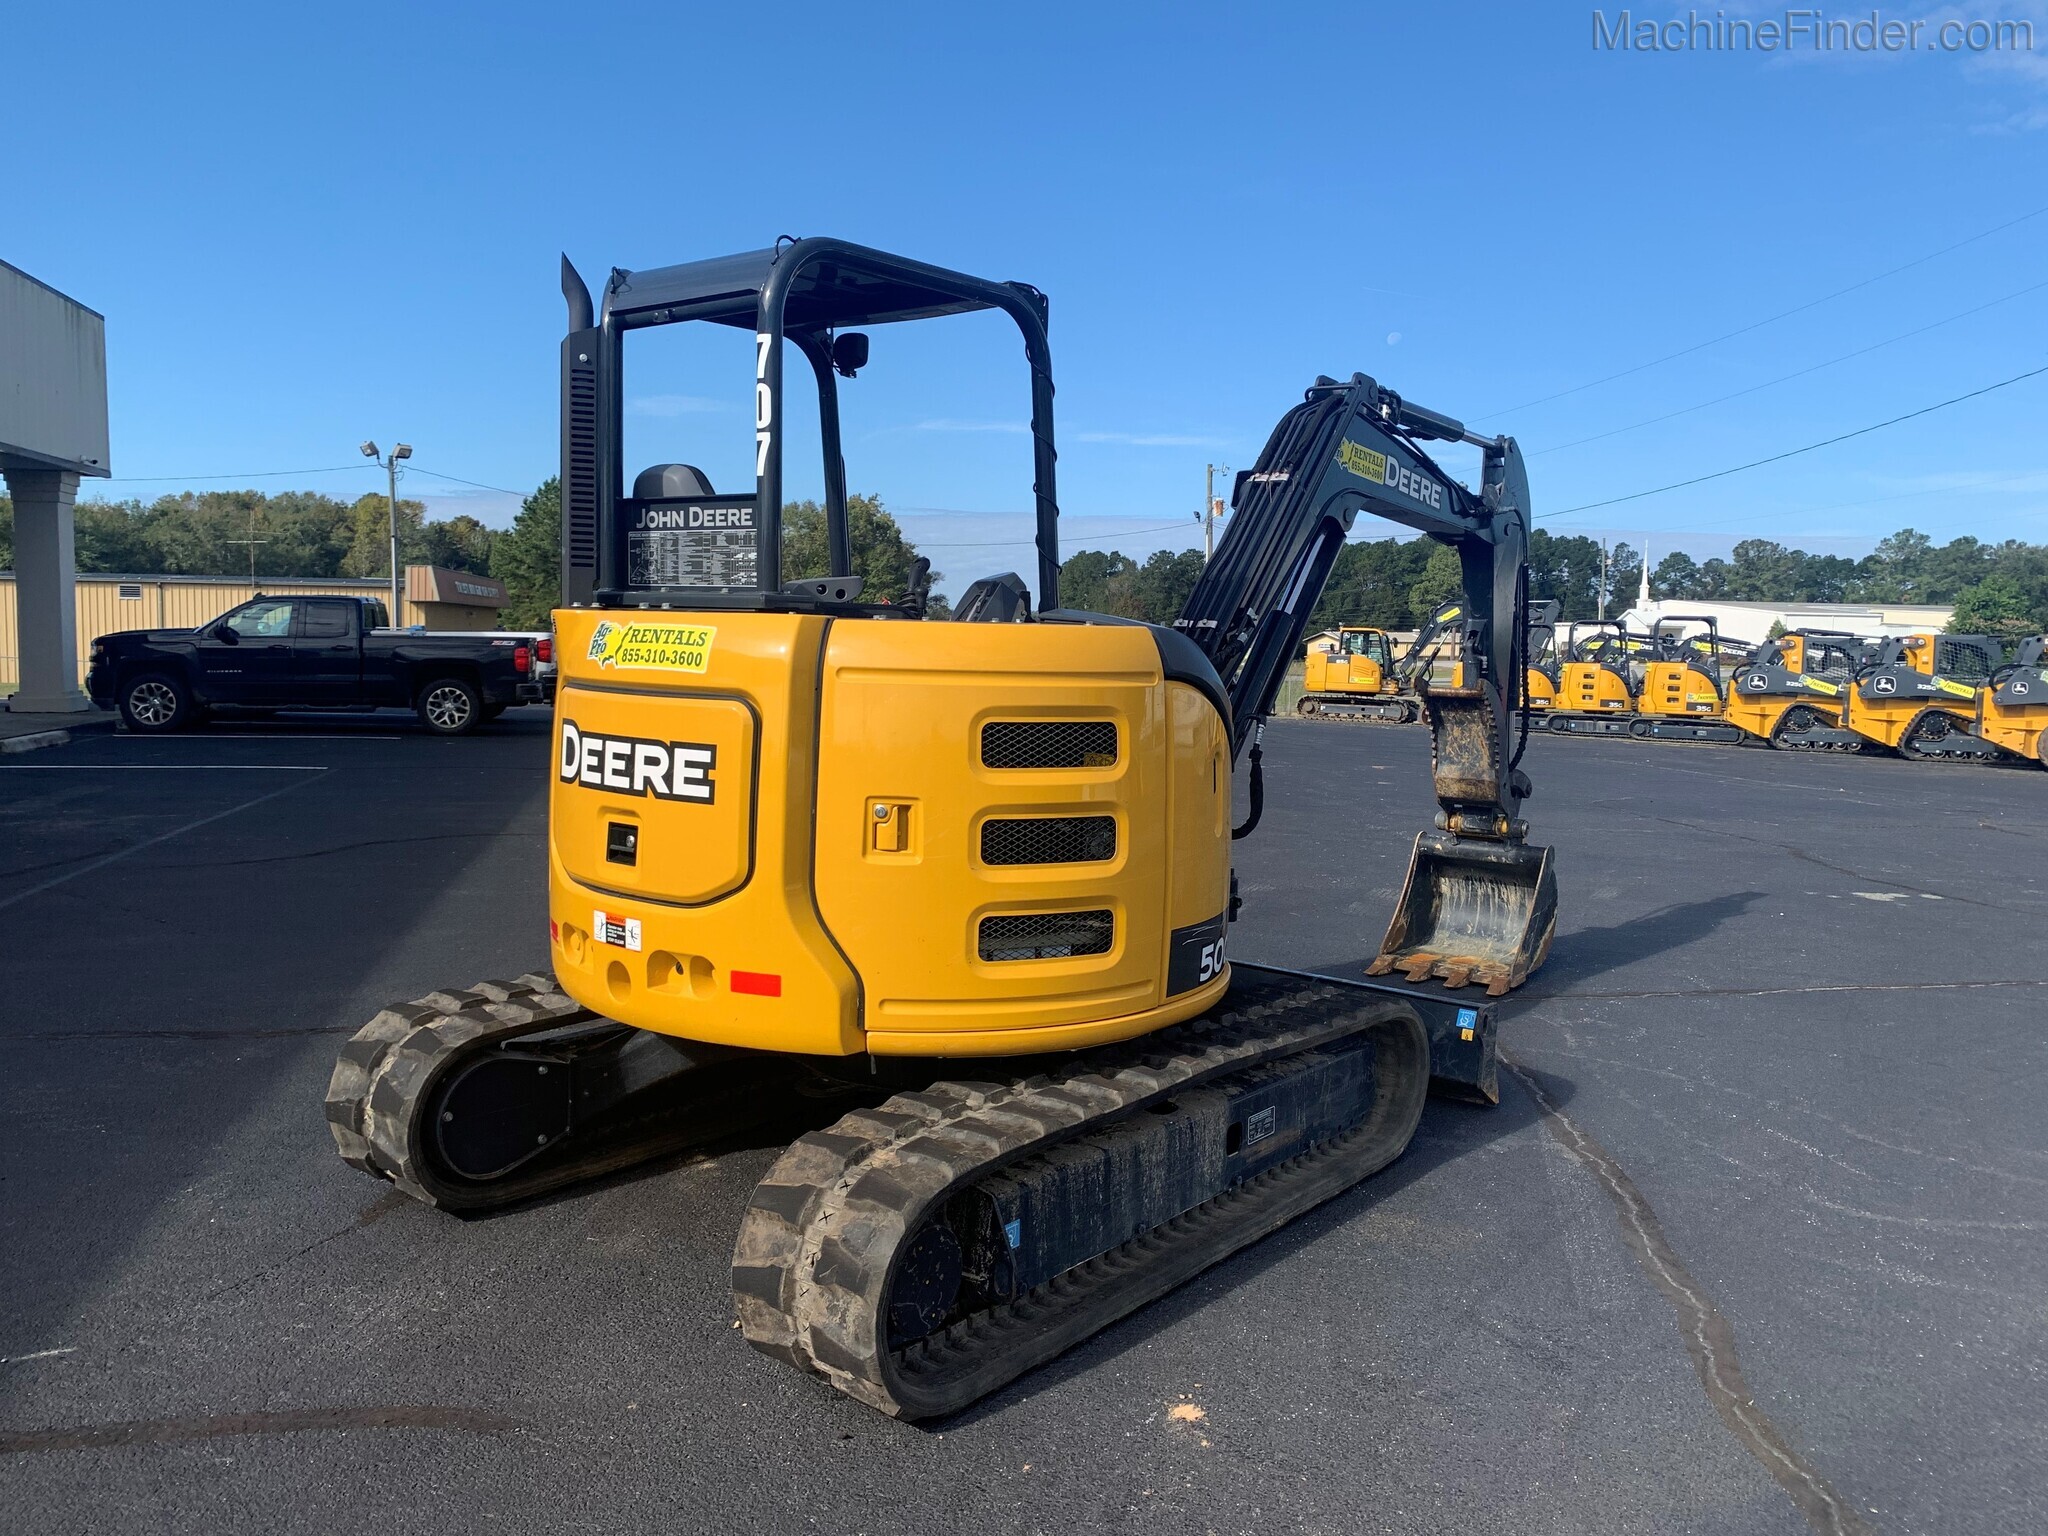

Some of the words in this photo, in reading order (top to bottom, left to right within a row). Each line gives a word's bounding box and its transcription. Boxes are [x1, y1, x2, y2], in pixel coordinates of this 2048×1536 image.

[756, 333, 772, 477] 707
[1353, 447, 1384, 468] RENTALS
[1385, 455, 1442, 510] DEERE
[636, 508, 685, 529] JOHN
[689, 506, 753, 528] DEERE
[628, 628, 708, 648] RENTALS
[621, 648, 703, 668] 855-310-3600
[1722, 646, 1748, 657] DEERE
[1695, 704, 1712, 712] 35G
[560, 719, 715, 802] DEERE
[1199, 937, 1225, 982] 50
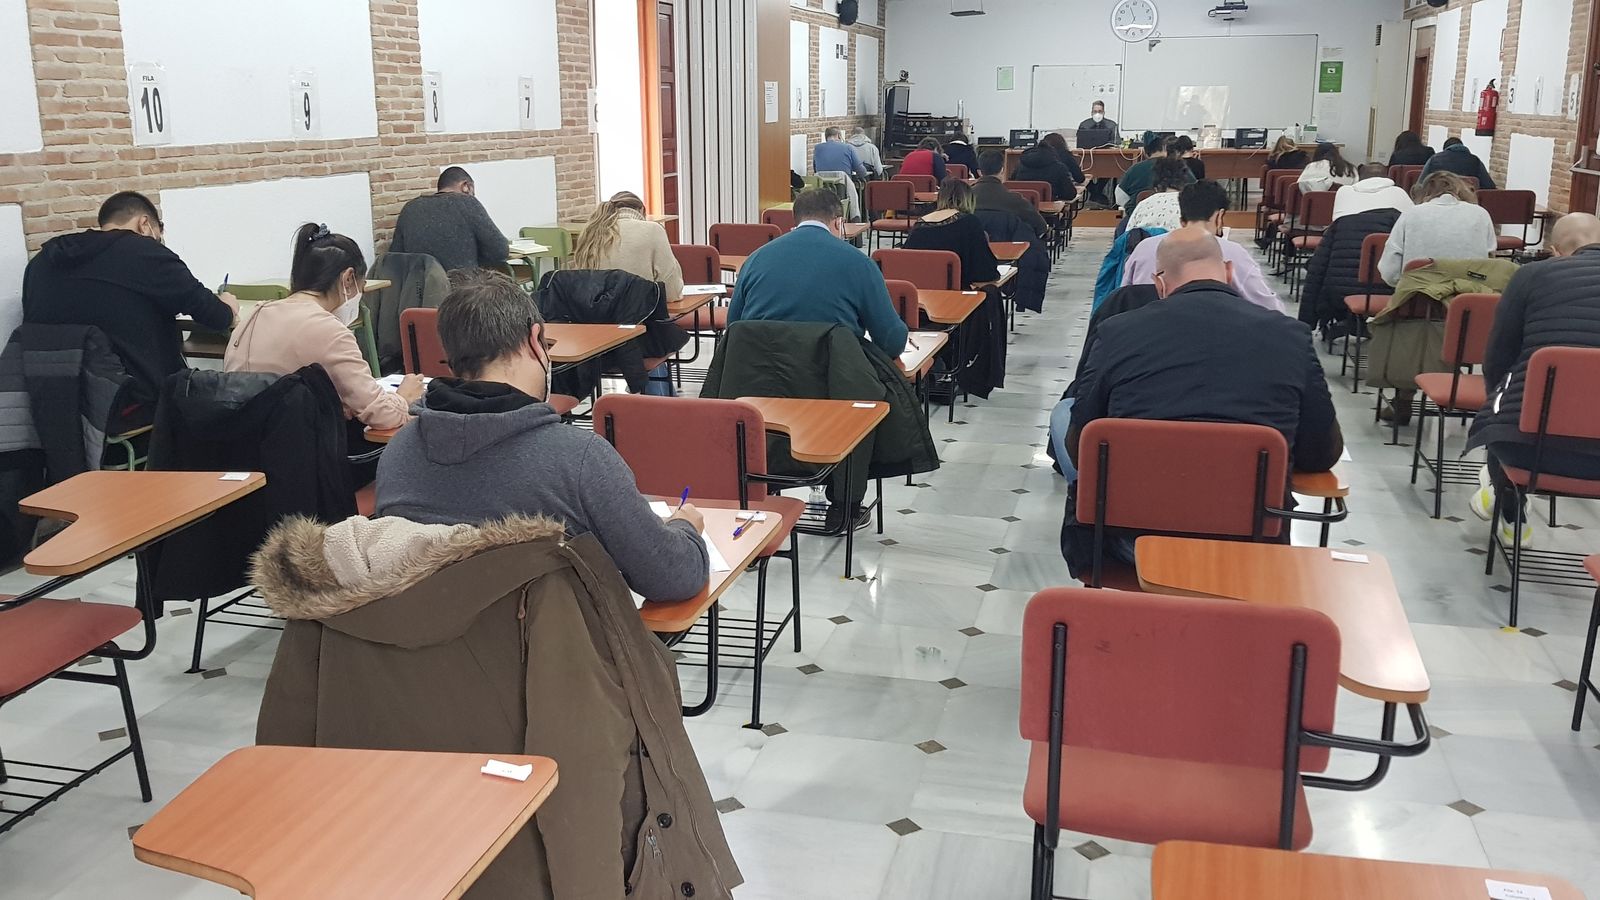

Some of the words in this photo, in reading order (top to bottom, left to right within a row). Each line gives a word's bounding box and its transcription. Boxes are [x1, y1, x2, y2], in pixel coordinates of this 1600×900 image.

#### [To do]
The listing above must be printed again exactly, minus its pictures.

#### [Response for this exercise]
Some of the words in this photo, in reading order (top to bottom, left to right within a row). Each line gives a word's bounding box and its transcription. Boxes are [x1, y1, x2, y2], in pixel coordinates of this 2048×1536 image.

[756, 333, 772, 477] 707
[1353, 447, 1384, 468] RENTALS
[1385, 455, 1442, 510] DEERE
[636, 508, 685, 529] JOHN
[689, 506, 753, 528] DEERE
[628, 628, 708, 648] RENTALS
[621, 648, 703, 668] 855-310-3600
[1722, 646, 1748, 657] DEERE
[1695, 704, 1712, 712] 35G
[560, 719, 715, 802] DEERE
[1199, 937, 1225, 982] 50

Some of the words in this photo, in reading order (top to bottom, left to right within a row). Each line gives a word's bounding box and its transcription. Boxes are [x1, y1, x2, y2], in pixel coordinates of this 1600×900 image.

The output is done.